[personal profile] cookiecutter


http://women.timesonline.co.uk/tol/life_and_style/women/families/article6342116.ece


http://www.guardian.co.uk/commentisfree/2009/jun/14/polly-vernon-childlessness-cameron-diaz-babies


The world automatically assumes that kids come naturally after marriage. I'd say to them: marriage is one thing, and kids is an entirely different thing.

To all women out there who experience great pressure to have kids, I feel ya, I really do. I've had countless moments when friends, relatives and even strangers come up and ask "When is your turn?" and get taken aback when I tell them, "I never want children." Their faces fall, as if to say, how DARE she have the AUDACITY to deny the chance of motherhood!

And the next question that follows will always be, "What about your husband? Doesn't HE want kids?"

Sigh.

Thank you, World. Don't you know that most of the responsibility of caring for kids are still primarily the women's responsibility? How often do men think about childcare? Or readily give up their career to care for their offspring? Or even CONSIDER how to balance their families and career? In my own sad experience, men can only think of how much fun it is to play with the child - perhaps with an occasional bottlefeed or diaper change. It's the woman who will bear the burden of pregnancy + giving birth + taking care of it. Even if the father DOES want to be involved, few of them want to deal with the day-to-day responsibility of how much hard work it is. For most guys I know, having their precious sleep disturbed by a wailing baby would be more than enough hardship to bear.

Just like when I lived in Norway. The statements the world threw in my face - OF COUSRE I'd give up my life and career and everything to be a housewife there. OF COURSE i was lucky to be able to live in Europe (nevermind maladjustment issues). OF COURSE i was blessed that I didn't NEED to work cause the hubby was earning enough. OF COURSE I should stick around with him if i cared for him. OF COURSE. No one questions anything when a woman sacrifices for a man.

And then I left him to have my own life in Singapore/Malaysia. And I faced immense opposition. HOW DARE SHE abandon her husband and leave the poor fella alone in Norway? HOW DARE SHE desire her own career. HOW DARE SHE want her own life! HOW DARE SHE not support the man she married! HOW can she NOT sacrifice for him? HOW DARE SHE be so selfish!

You know, world, if a woman stays at home and takes cares of the kids, she's a wife/mother. If a man does that, he's a bloody saint.

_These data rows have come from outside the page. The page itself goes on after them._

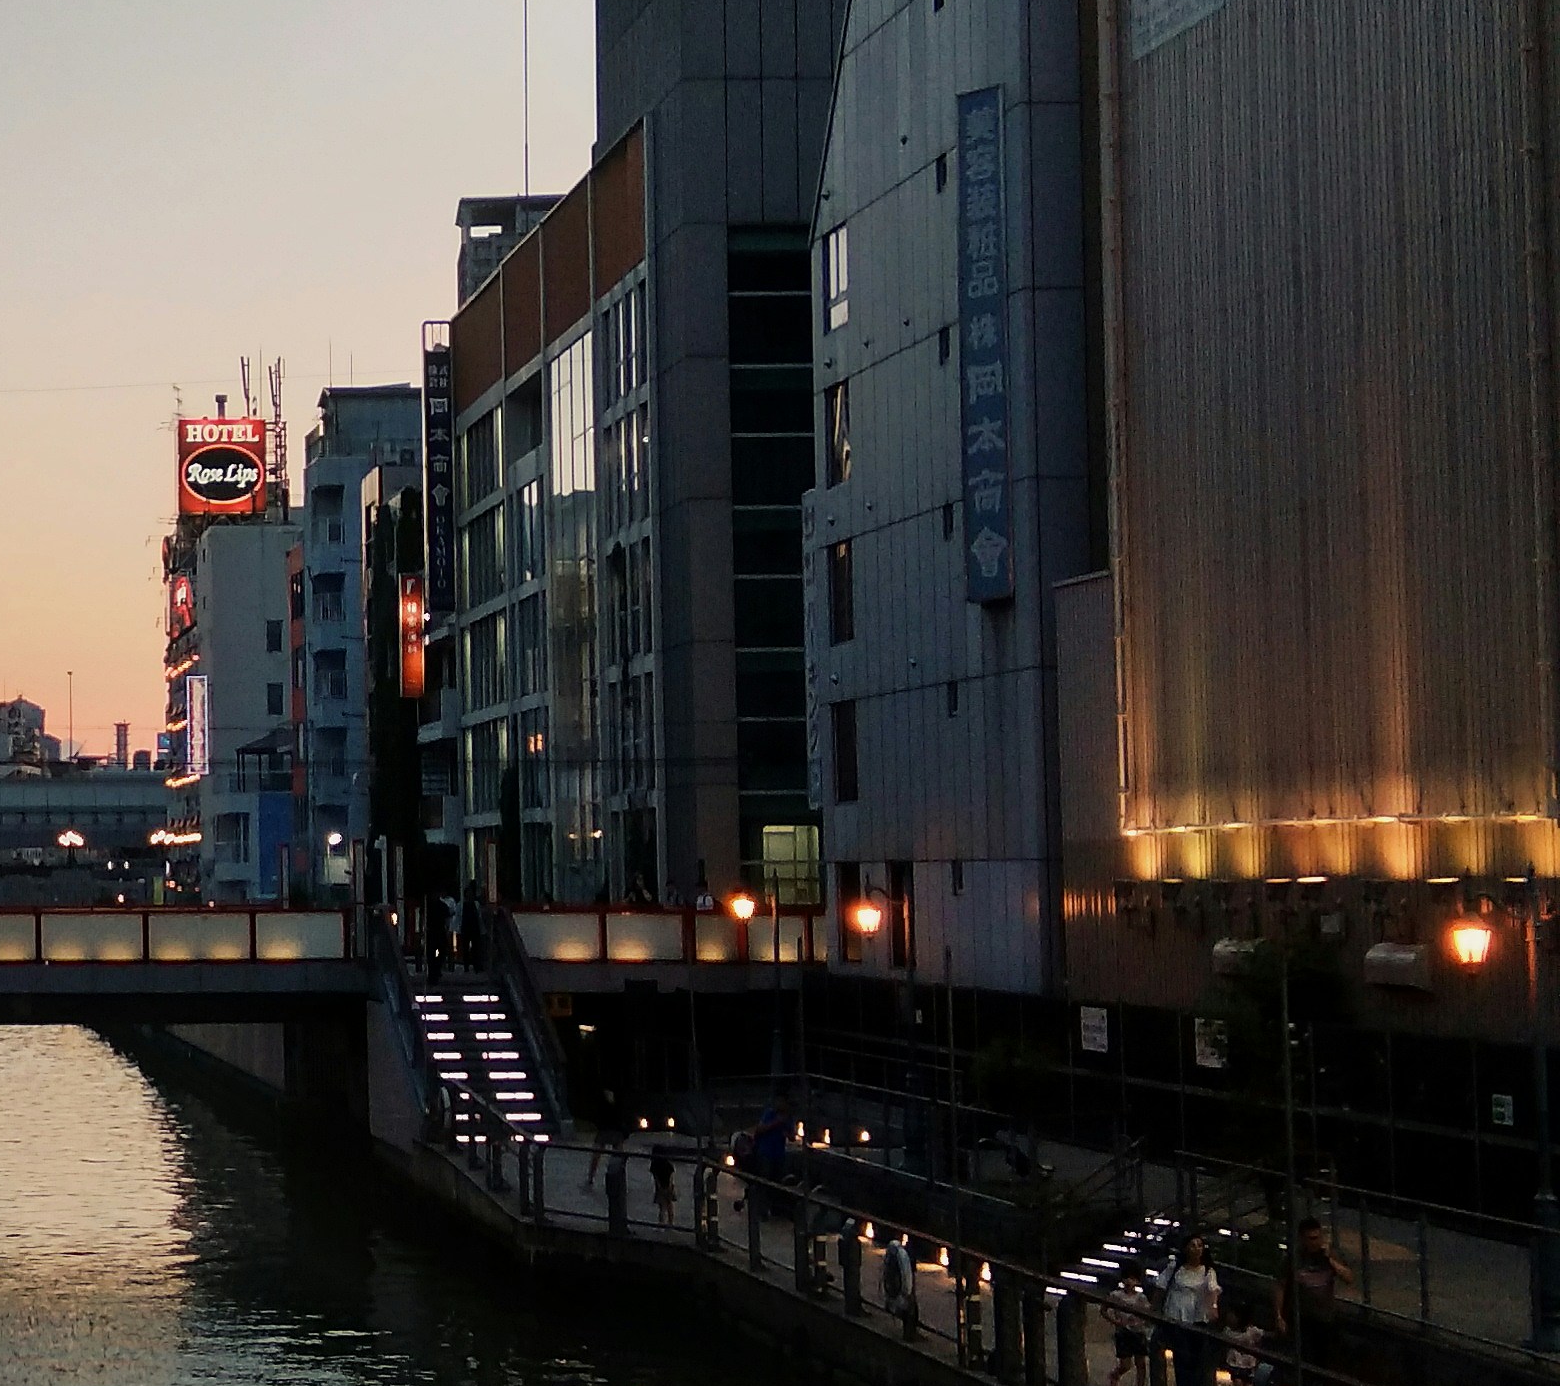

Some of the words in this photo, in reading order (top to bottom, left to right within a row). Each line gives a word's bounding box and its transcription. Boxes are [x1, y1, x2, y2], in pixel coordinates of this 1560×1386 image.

[186, 424, 260, 442] HOTEL
[187, 463, 223, 485] Rose
[224, 463, 259, 488] Lips
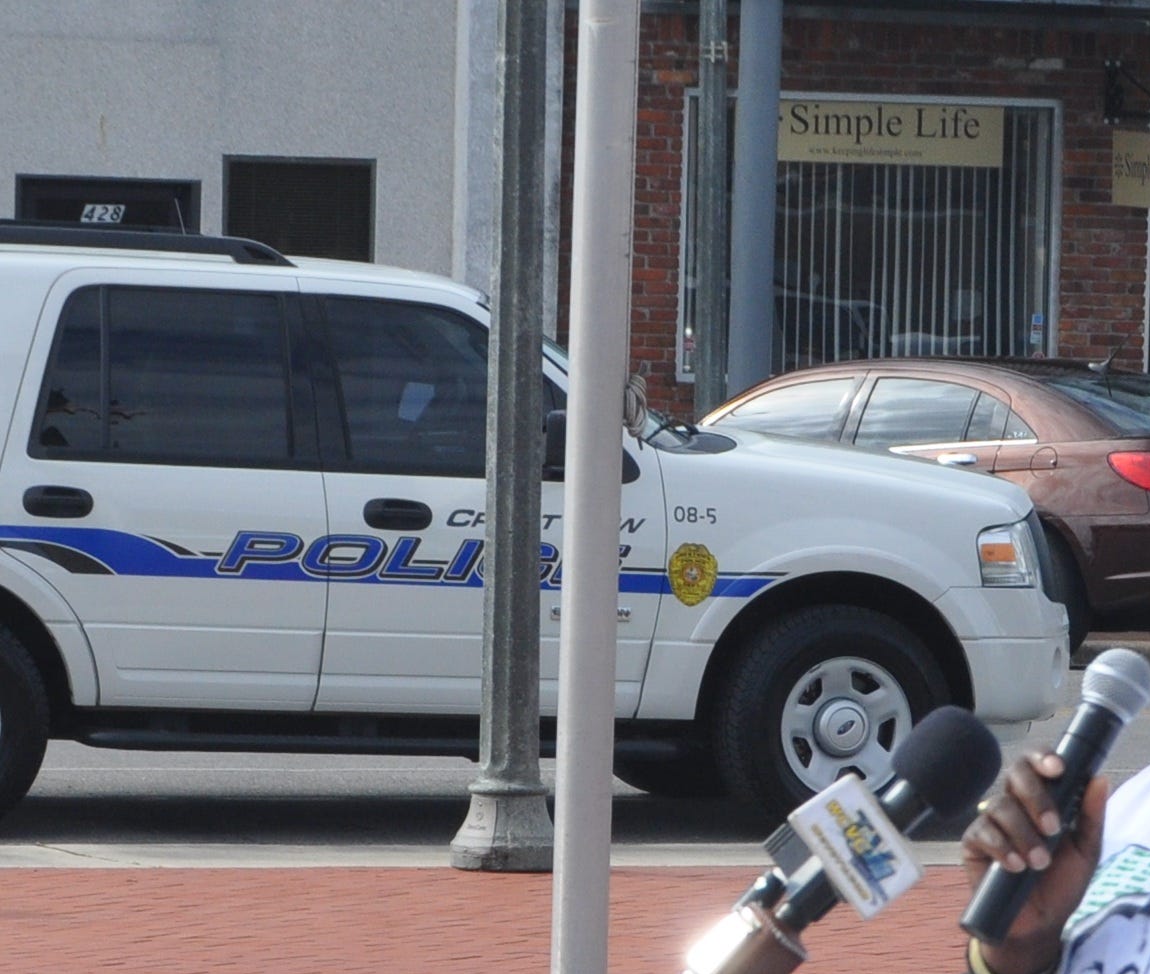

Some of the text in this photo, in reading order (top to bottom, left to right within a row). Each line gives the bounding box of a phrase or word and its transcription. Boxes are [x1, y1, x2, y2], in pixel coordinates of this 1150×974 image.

[790, 104, 980, 144] Simple Life
[85, 206, 121, 220] 428
[673, 505, 717, 525] 08-5
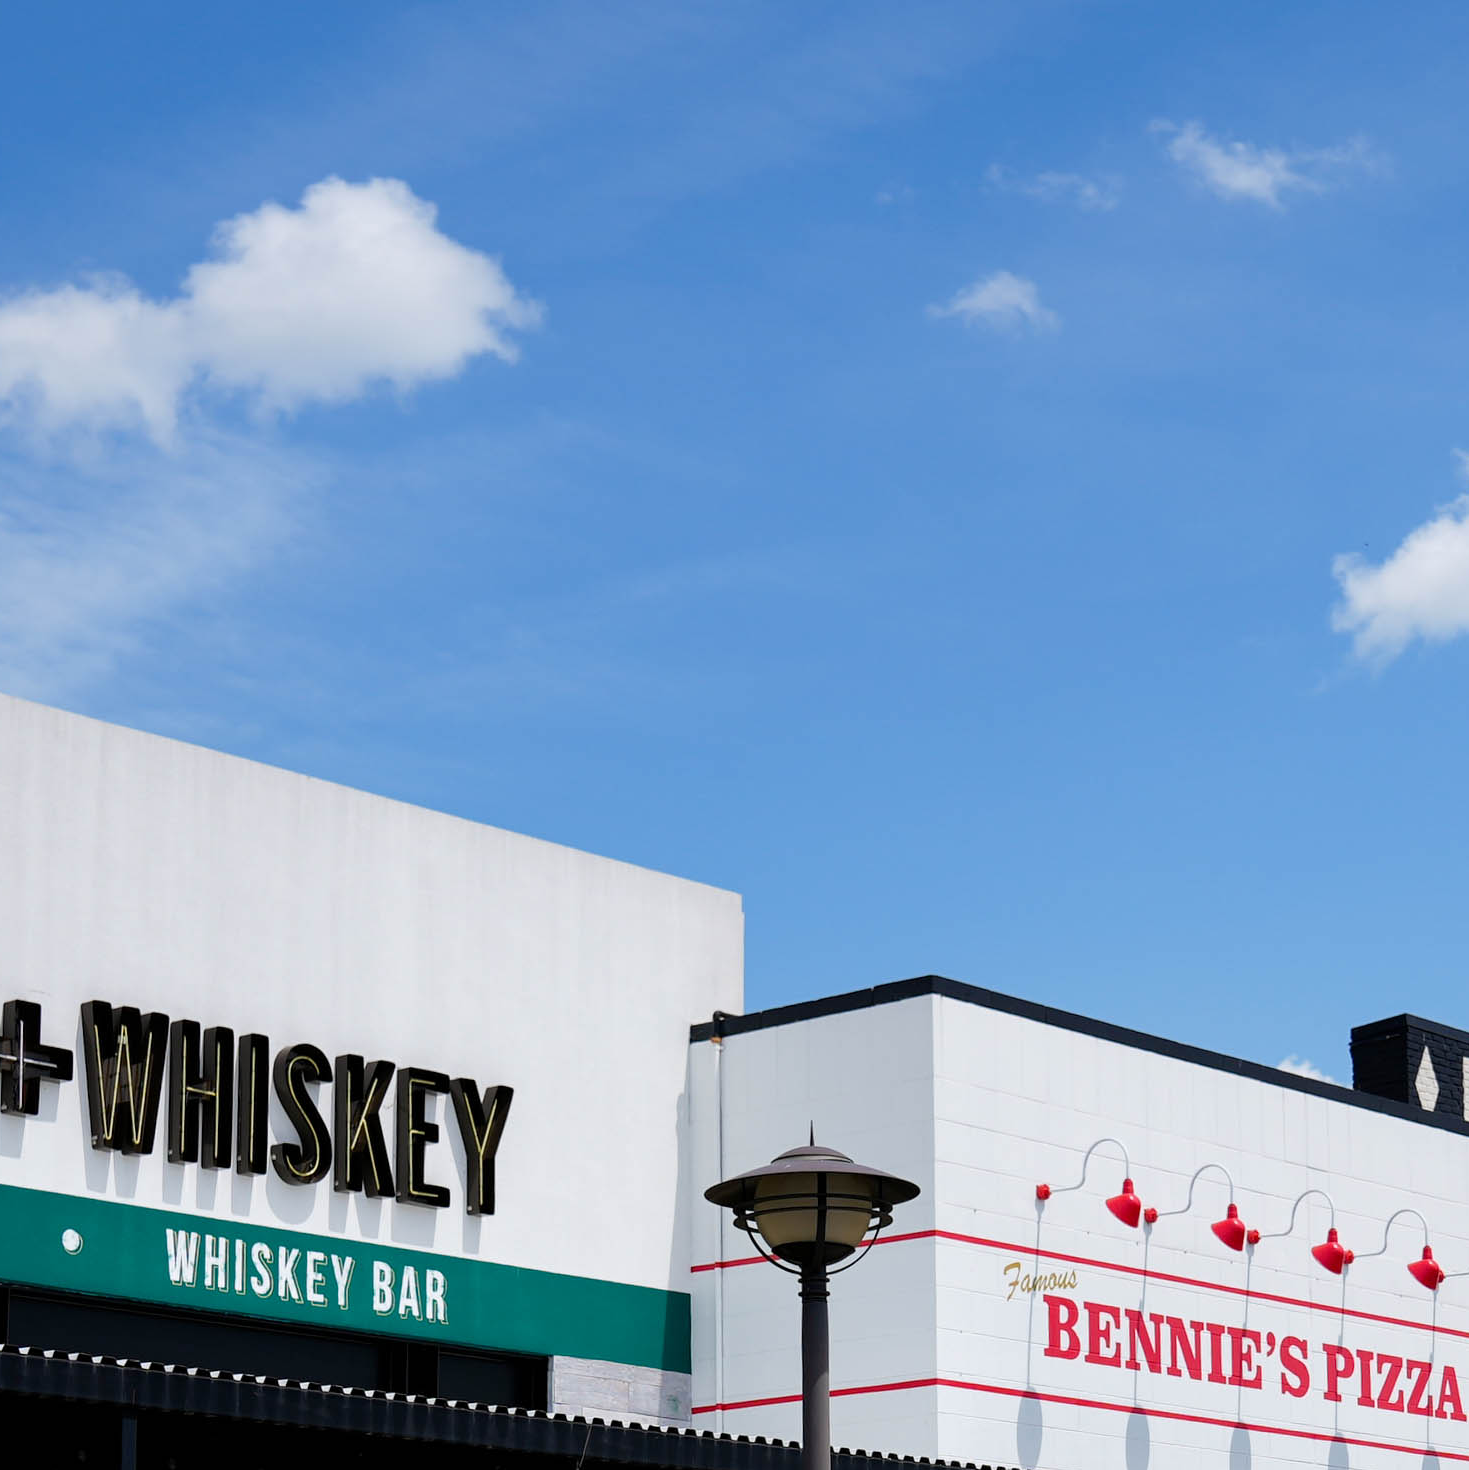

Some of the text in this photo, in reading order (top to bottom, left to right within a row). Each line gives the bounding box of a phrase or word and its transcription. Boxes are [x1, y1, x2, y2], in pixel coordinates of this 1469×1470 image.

[165, 1228, 355, 1310] WHISKEY
[372, 1260, 449, 1325] BAR
[1002, 1261, 1079, 1302] Famous
[1043, 1294, 1468, 1422] BENNIE'S PIZZA
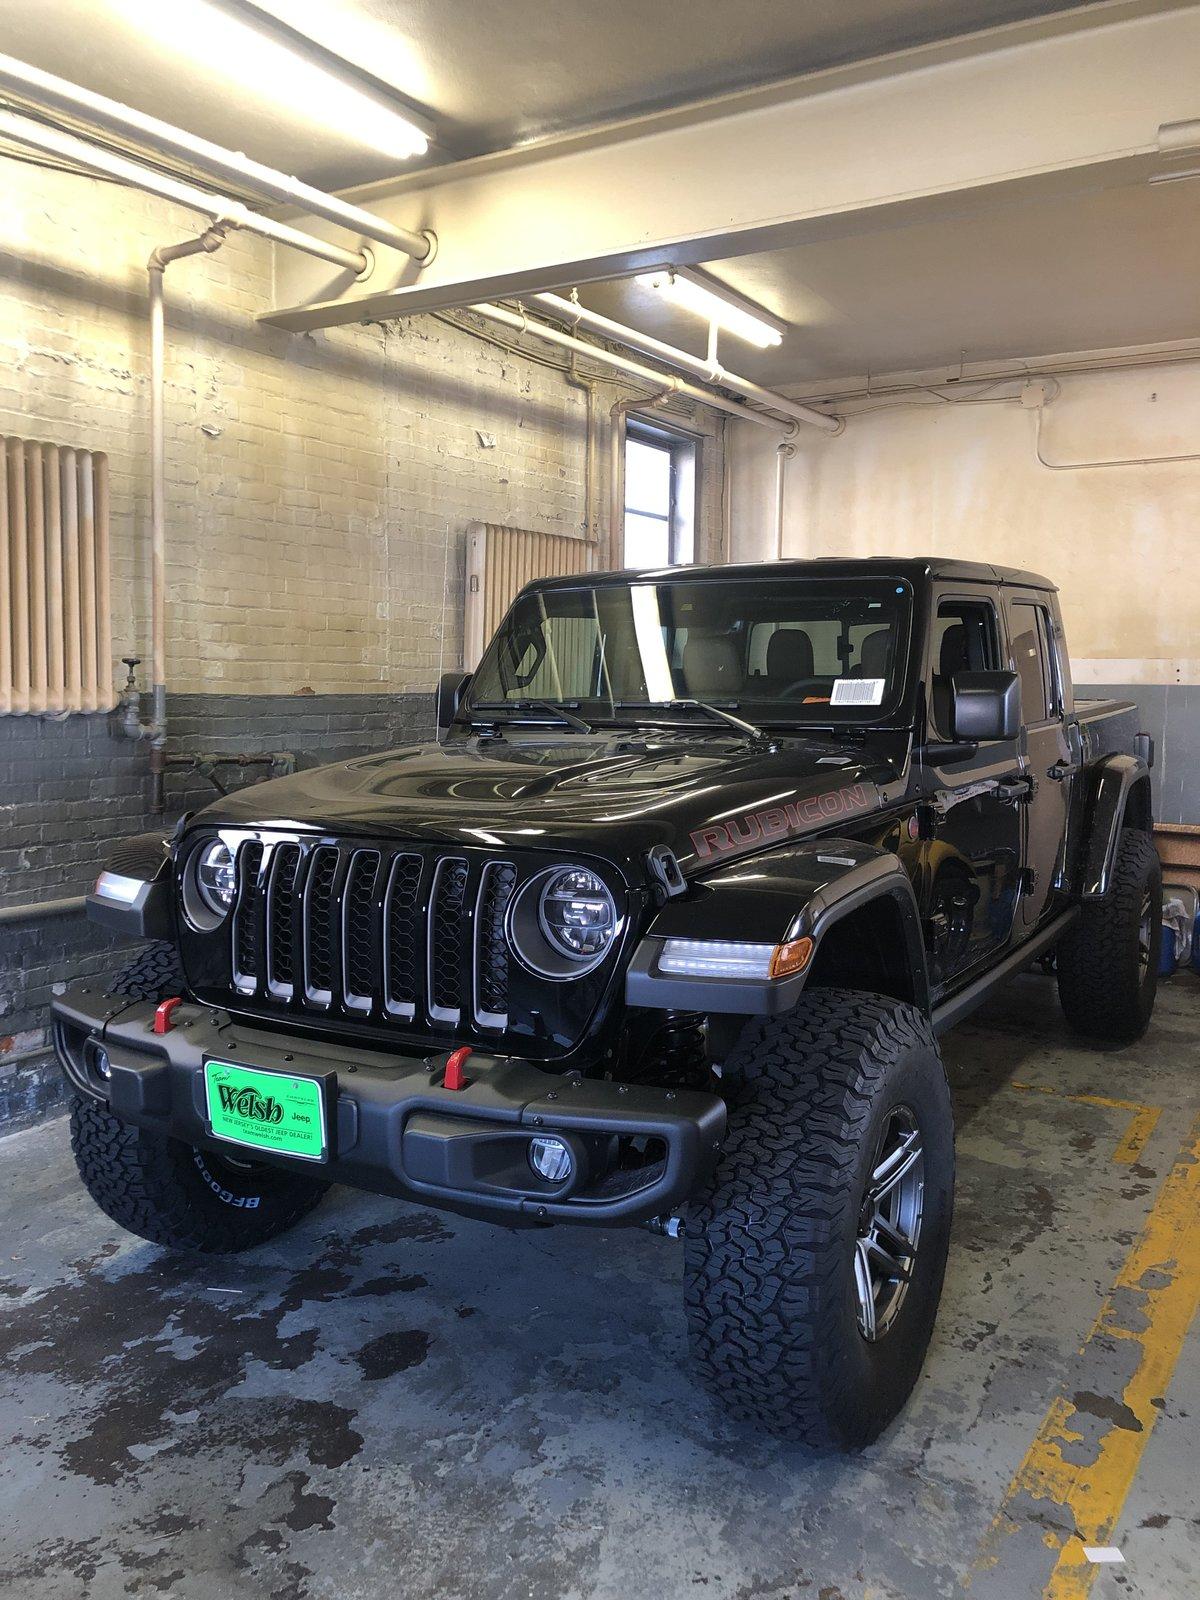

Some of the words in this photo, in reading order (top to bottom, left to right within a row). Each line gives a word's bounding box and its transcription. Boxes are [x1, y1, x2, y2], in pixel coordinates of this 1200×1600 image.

[689, 784, 868, 858] RUBICON
[217, 1083, 284, 1124] Welsh
[292, 1112, 311, 1124] Jeep
[234, 1119, 254, 1129] JERSEY'S
[255, 1124, 274, 1133] OLDEST
[242, 1129, 282, 1141] teamwelsh.com

If a man goes abroad to work (while leaving his wife and kids behind), he's earning a living + providing for them. If a woman does that, she's abandoning her family.

Of course, with increasing equality in gender roles worldwide (although much is still left to be desired), a lot of men are feeling that the world's starting to get dominated by women.

It's like, at the very juncture women lay footprints on the wet concrete of human history and start making great strides - the moment they stopped consulting men before coming to their own decisions - that's when the men start to panic. They start to feel that they're 'losing out' to girl power/the feminist movement and what-not. Sigh. You'd think that with dudes feeling that way, they'd gain some understading of what dudettes have been through and appreciate how hard we've fought for a desire to be EQUAL. Yet men still somehow believe that they are deserving of unconditional power and that they're #1 in society just because they've got a damn penis between their legs.

To all the men out there: When you start to feel completely alienated, marginalized, and rejected by society, welcome to the lives of your female counterparts.